■ **Dataset records**:
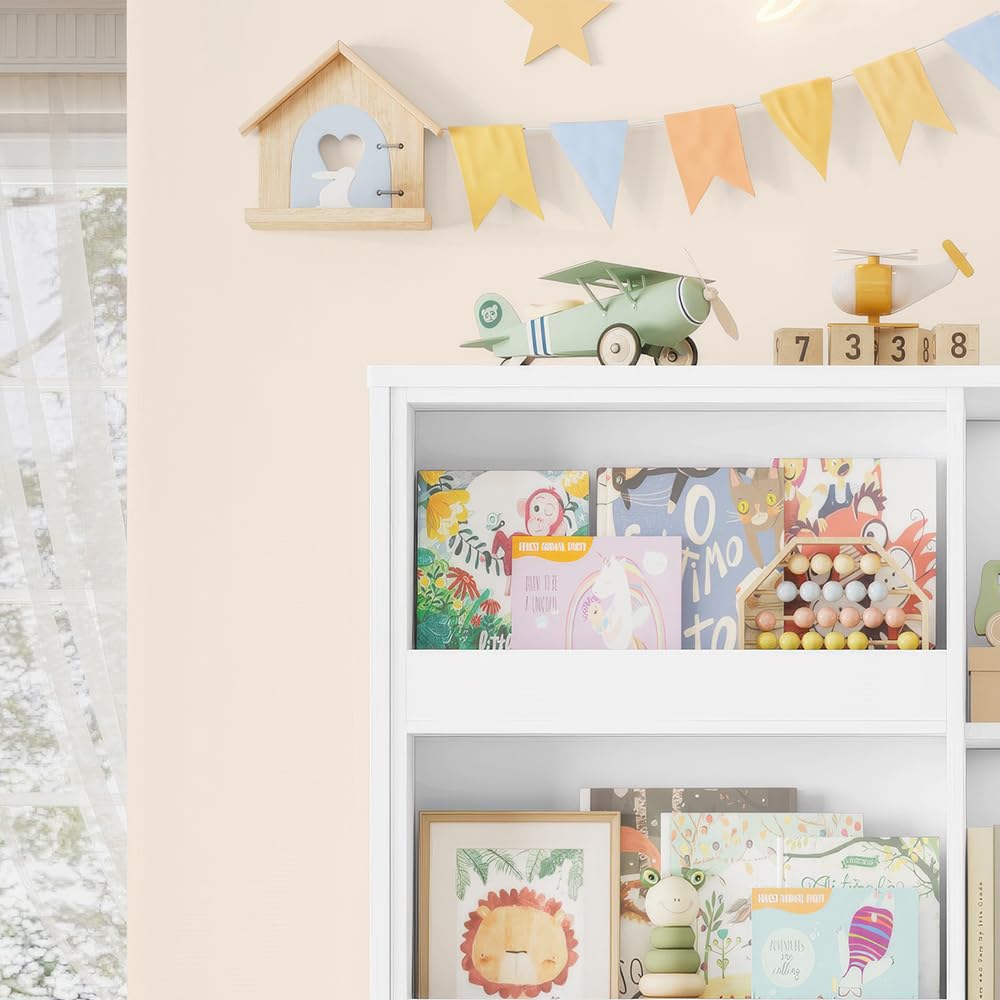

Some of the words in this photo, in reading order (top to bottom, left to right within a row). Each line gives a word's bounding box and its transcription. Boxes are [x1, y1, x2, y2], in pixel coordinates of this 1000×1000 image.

[795, 336, 810, 362] 7
[845, 333, 861, 360] 3
[891, 335, 906, 362] 3
[951, 332, 967, 359] 8
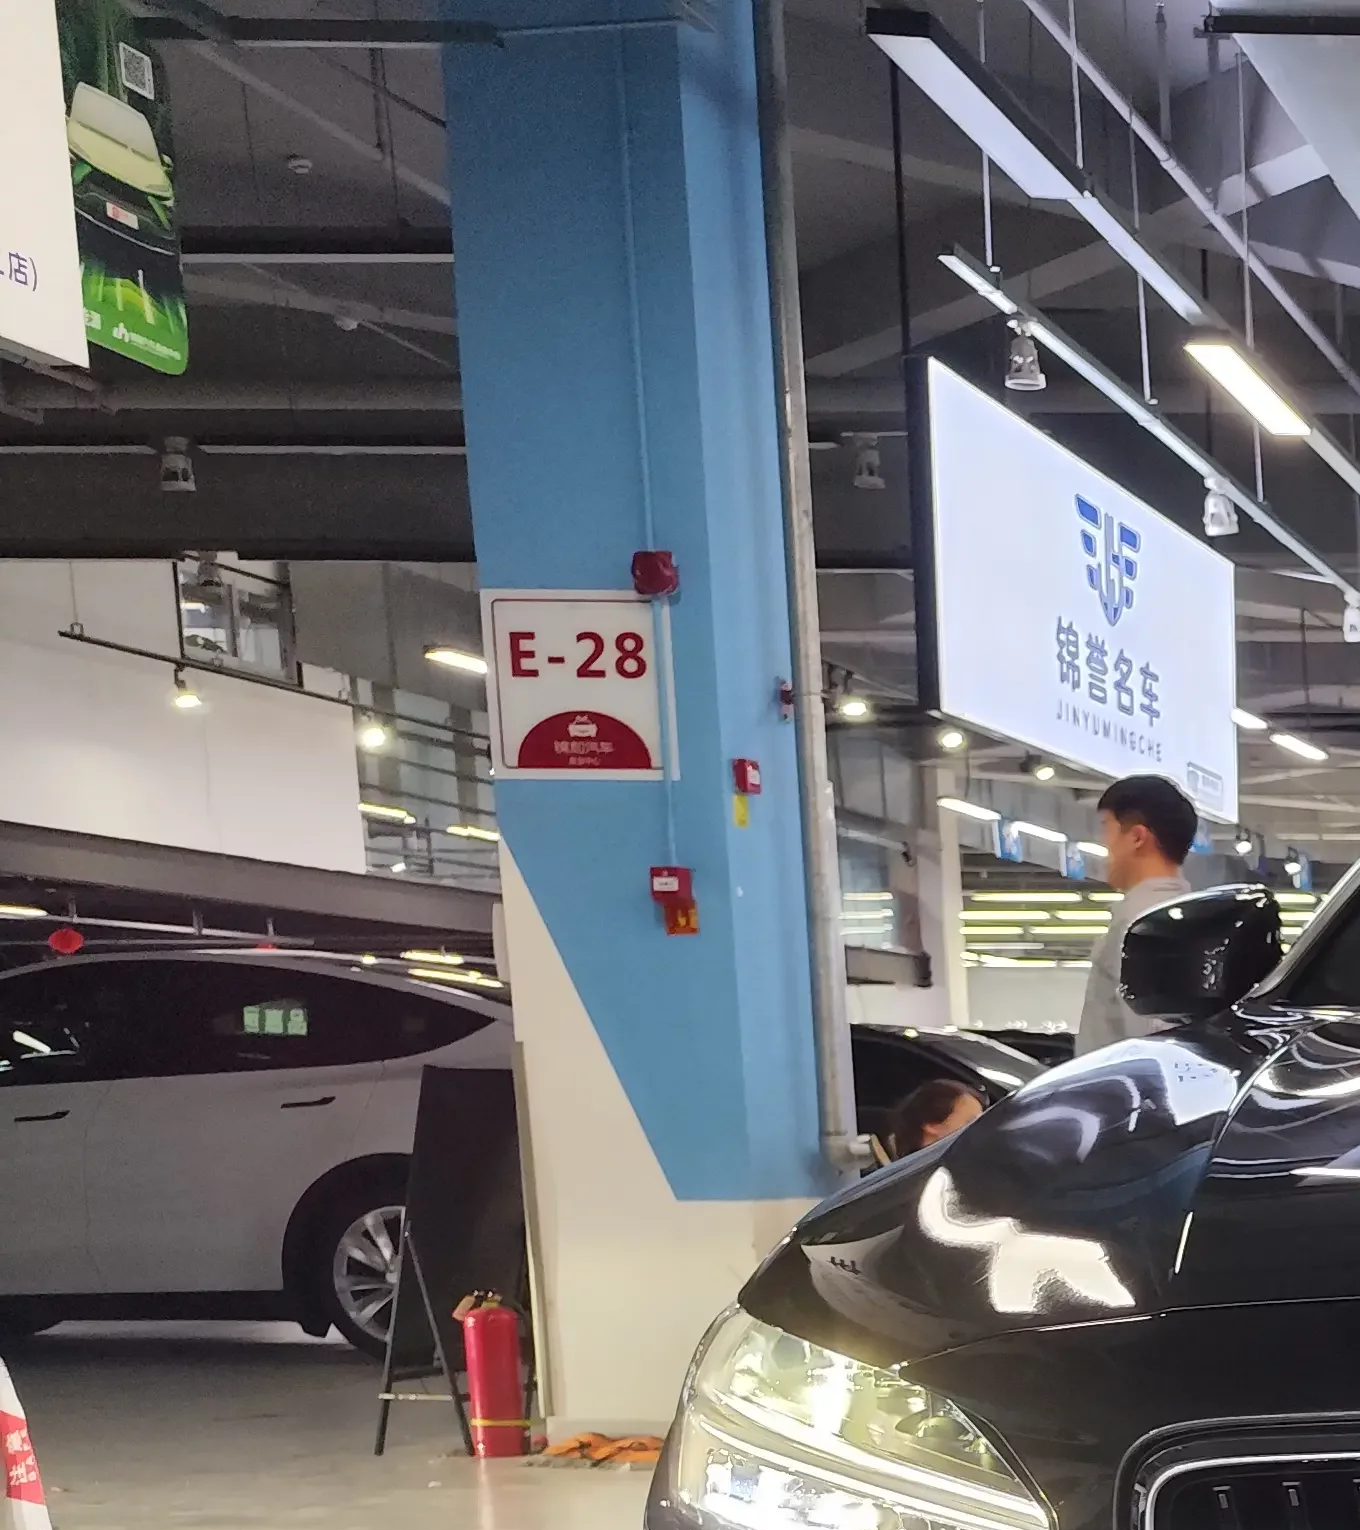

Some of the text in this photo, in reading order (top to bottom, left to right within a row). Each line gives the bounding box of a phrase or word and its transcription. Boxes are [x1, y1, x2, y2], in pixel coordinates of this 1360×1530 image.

[0, 252, 37, 291] 店)
[509, 631, 647, 679] E-28
[1056, 615, 1161, 727] 锦誉名车
[1056, 699, 1162, 762] JINYUMINGCHE

■ **Assignment**: When you restate the listing above, give each line word for word but leave out every image.

■ **Task solution**:
Some of the words in this photo, in reading order (top to bottom, left to right within a row). Each line gives a word's bounding box and its transcription. Boxes are [x1, y1, x2, y2], in pixel coordinates of this 1000×1000 image.

[795, 336, 810, 362] 7
[845, 333, 861, 360] 3
[891, 335, 906, 362] 3
[951, 332, 967, 359] 8

Some of the text in this photo, in reading order (top to bottom, left to right within a row). Each line gives the bounding box of a phrase or word and its transcription. Boxes are [x1, y1, x2, y2], in pixel coordinates of this 1360×1530 image.

[0, 252, 37, 291] 店)
[509, 631, 647, 679] E-28
[1056, 615, 1161, 727] 锦誉名车
[1056, 699, 1162, 762] JINYUMINGCHE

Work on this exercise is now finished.